Menyelamatkan Nyawa Dengan Drone Ambulans

Reading time: < 1 menit
Foto: TU Delft

Di Indonesia, penggunaan pesawat kendali dengan empat baling-baling atau drone masih sebatas hobi. Namun di Belanda, drone mulai dikembangkan untuk berbagai keperluan, termasuk diantaranya sebagai ambulans terbang.

Seorang mahasiswa lulusan Universitas Teknologi Delft bernama Alec Momont menciptakan Ambulance Drone untuk tujuan kemanusiaan. Dia berharap dengan adanya drone ini, kemungkinan untuk menyelamatkan nyawa seseorang bisa meningkat hingga 80 persen.

Let use drone for a good purpose, let use drone to save life“, ujar Alec seperti dikutip dari tayangan yang diunggah TU Delft dalam youtube dengan judul “Ambulance Drone”.

Ambulance Drone. Foto: TU Delft

Jika menggunakan mobil ambulans biasa, rintangan seperti kemacetan lalu lintas dan kontur jalan menjadi penghambat untuk menyelamatkan nyawa seseorang dengan cepat. Drone ambulans ini menyelamatkan nyawa dengan menyingkat waktu antara panggilan darurat dan waktu bantuan tiba.

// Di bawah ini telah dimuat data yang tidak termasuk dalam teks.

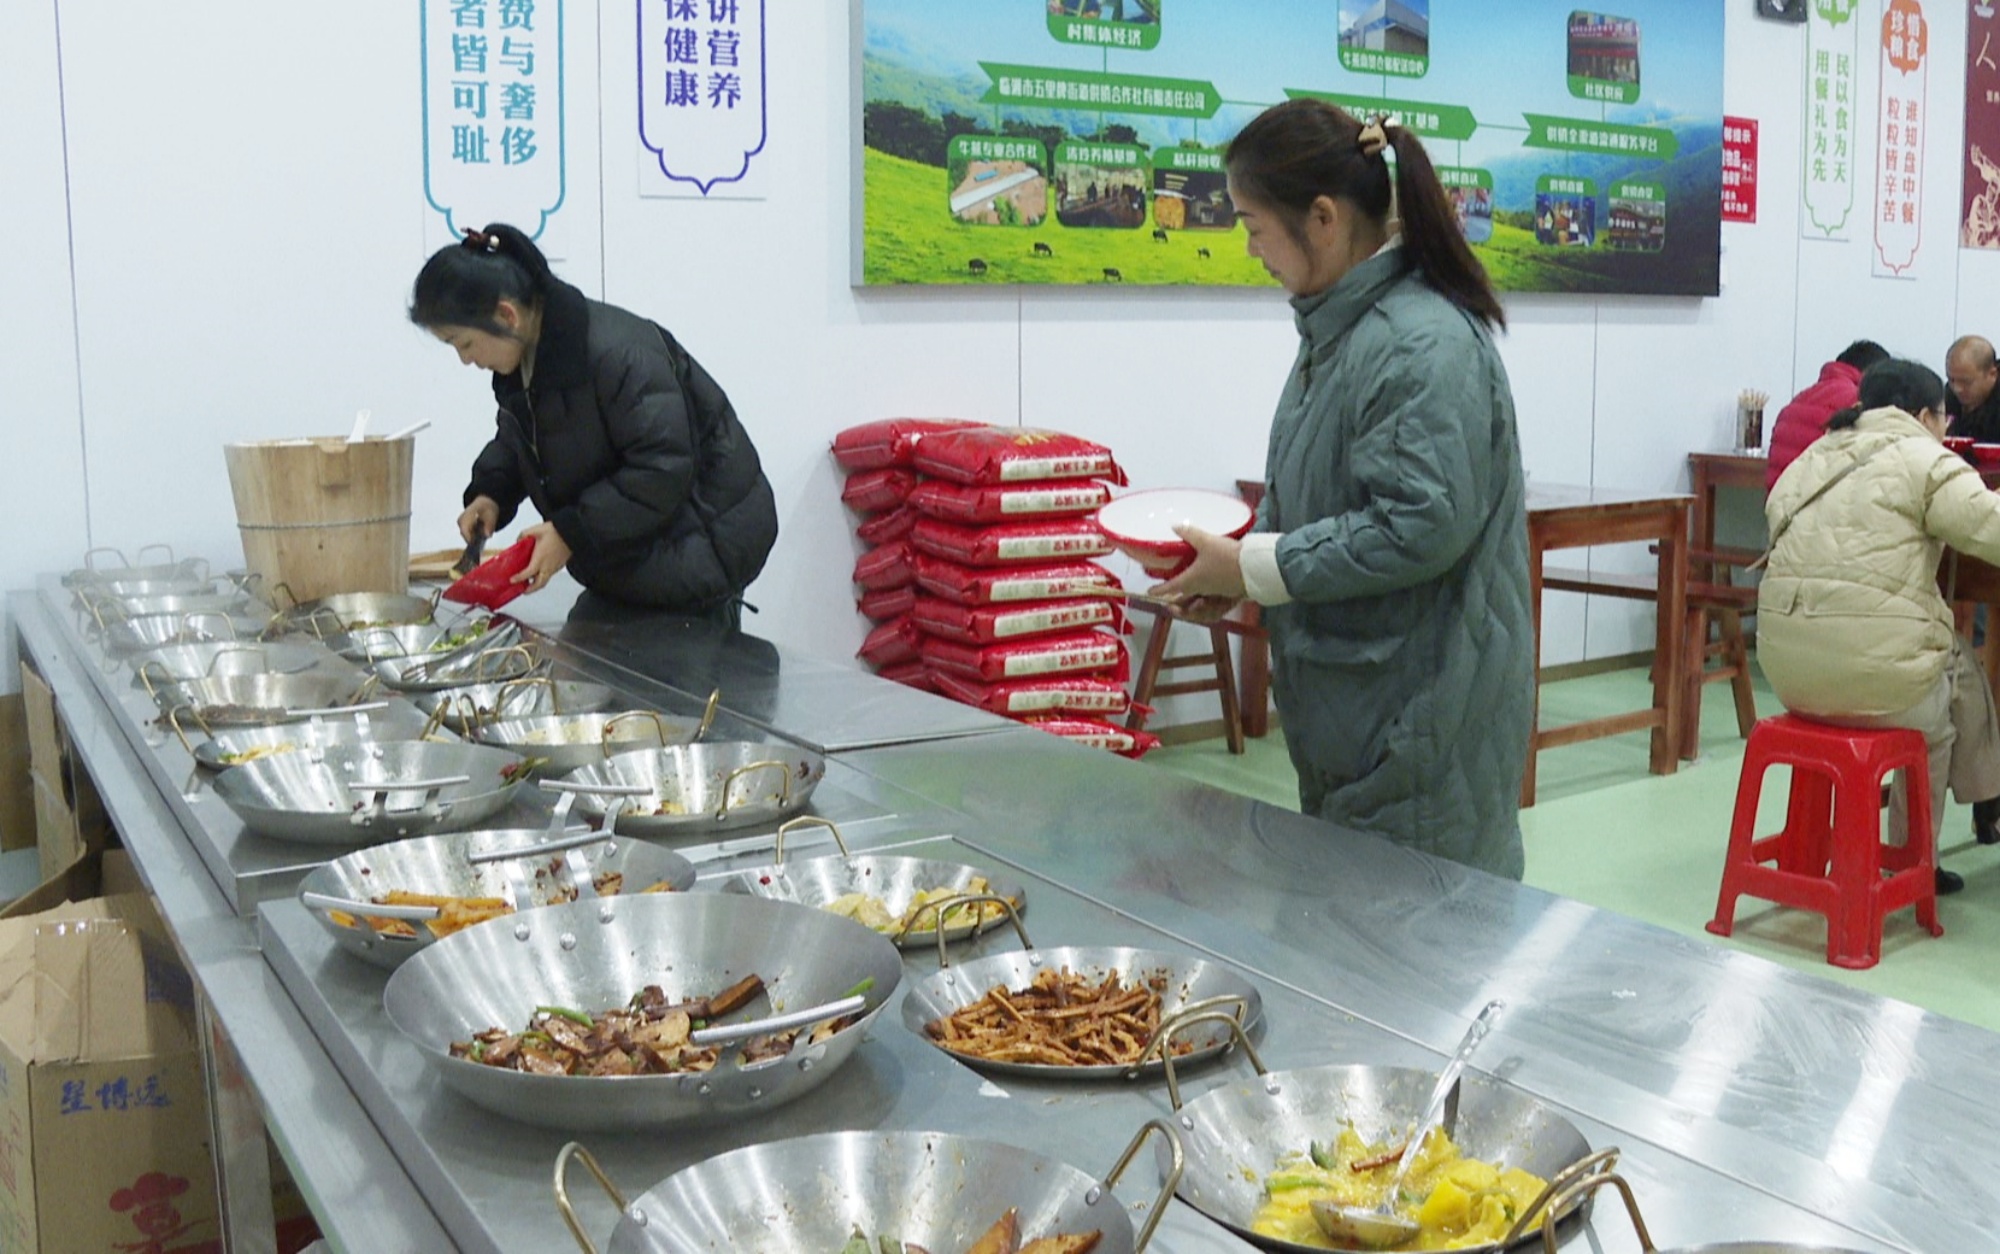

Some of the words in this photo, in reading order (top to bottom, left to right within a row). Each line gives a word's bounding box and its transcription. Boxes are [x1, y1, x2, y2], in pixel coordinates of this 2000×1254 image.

Bisa dikatakan bahwa drone ambulans semacam kotak P3K (pertolongan pertama pada kecelakaan), namun dapat dilengkapi dengan perlengkapan medis yang dibutuhkan untuk prosedur penyelamatan nyawa seseorang.

Di dalam pesawat kendali ini, peralatan medis seperti alat pacu jantung (defibrillator), perlengkapan cardiopulmonary resuscitation atau CPR dan obat-obatan dapat dibawa. Selain itu, drone ini juga dilengkapi dengan kamera dan alat komunikasi yang memungkinkan petugas medis untuk melihat situasi dan berkomunikasi dengan orang yang berada di dekat korban.